Bone Mineral Density of the Hip and Knee in Children With Spinal Cord Injury

Richard Lauer 1,, Therese E Johnston 1, Brian T Smith 1, Mary Jane Mulcahey 1, Randal R Betz 1, Alan H Maurer 2
PMCID: PMC2031968  PMID: 17874680

Abstract

Background/Objective:

To report on the bone mineral density (BMD) of the hip, distal femur, and proximal tibia in children with spinal cord injury (SCI) of at least 1-year duration and before skeletal maturity.

Methods:

BMD values were measured in 28 children (age, 9.6 ± 2.5 years; range, 5–13 years) using dual-energy x-ray absorptiometry (DEXA) and were analyzed based on sex, injury, and time since injury. The hip values were compared with reported age- and sex-matched values in children without disability. No comparison was made at the knee because normative data were not available.

Results:

Average BMD values were 0.48 ± 0.17 g/cm2 for the total hip, 0.48 ± 0.17 g/cm2 at the femoral neck, 0.41 ± 0.17 g/cm2 at the greater trochanter, 0.47 ± 0.17 g/cm2 at Ward's triangle, 0.38 ± 0.10 g/cm2 at the distal femur, and 0.37 ± 0.07 g/cm2 at the proximal tibia. Trends were observed with respect to sex, level of injury, and time since injury. Z-scores for the femoral neck, greater trochanter, and Ward's triangle were −1.65 ± 1.02, −1.83 ± 1.30, and −1.78 ± 0.78, respectively, representing a 40% lower BMD in comparison with children without disability.

Conclusions:

Children with a SCI seem to have a substantially lower BMD at the hip and knee in comparison with children without disability, placing them at the same risk for lower extremity fractures as adults with SCI, with potentially higher risks as they age given the lack of activity in a period of their life where exercise is essential for optimal bone health.

Keywords: Spinal cord injury, Pediatrics, Bone mineral density, Fractures, Dual-energy x-ray absorptiometry

INTRODUCTION

The loss of mobility as a result of a spinal cord injury (SCI) leads to secondary complications that affect muscle, bone, and cardiovascular health. After SCI, there is an uncoupling between the rates of bone formation and reabsorption and a loss of muscle and gravitational stresses, which leads to reduced bone mass. This process starts almost immediately after SCI in adults, with a majority of the bone mineral density (BMD) being lost from 6 months to 2 years after the injury (1,2), and with continuing slow declines in BMD thereafter (3). As a result, adults with SCI have a greatly reduced BMD of the femoral neck, Ward's triangle, and greater trochanter, with values that are 50% to 60% of those of their able-bodied peers (4–6). Losses of bone mass at the knee are also substantial, with reports of a BMD decline of 27% at the distal femur and 32% at the proximal tibia for men with SCI (7) and a 38% to 47% decline at the knee for women with SCI (8). This corresponds to a 4-fold increase in the risk of lower limb fractures (9).

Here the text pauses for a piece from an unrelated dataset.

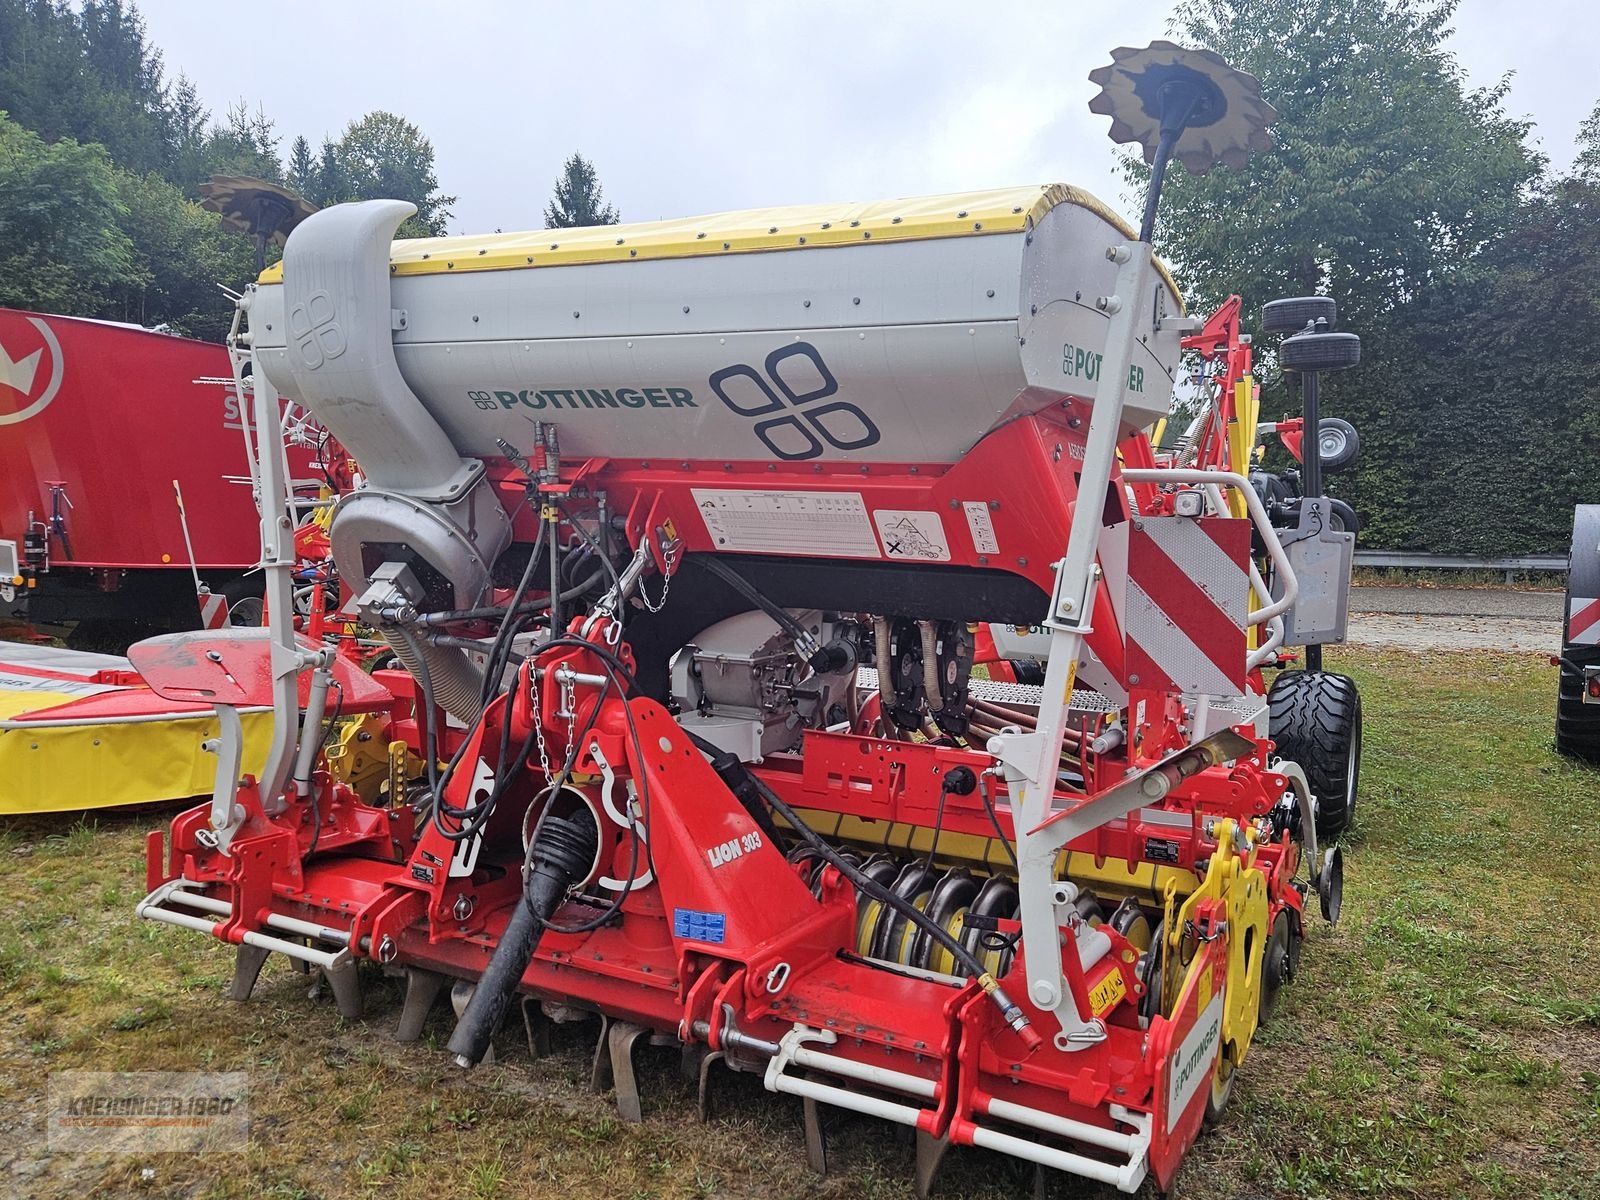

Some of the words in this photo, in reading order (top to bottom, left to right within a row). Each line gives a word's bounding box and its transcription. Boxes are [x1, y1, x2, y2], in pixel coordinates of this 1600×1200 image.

[494, 387, 699, 410] PÖTTINGER
[707, 838, 743, 868] LION
[741, 831, 762, 853] 303

Although the effects of SCI on BMD in the lower extremity have been studied extensively in adults, the same does not hold true for children with SCI. The effects of SCI on bone mass in children is of particular interest because, not only is there the potential of bone loss because of the same mechanisms as observed in adults with SCI, but there is also a lack of activity in a period of their life where exercise is essential for optimal bone health (10). For example, in a recent review of the literature, Hind and Burrows (11) identified 22 studies in which the effects of exercise of various types and intensities on bone mineral accrual in healthy children and adolescents were examined. In all cases, there was bone mineral accrual that was enhanced by exercise, particularly during early puberty. Thus, a lack of activity during this same period of development can be expected to have an equally large, but detrimental, effect (10).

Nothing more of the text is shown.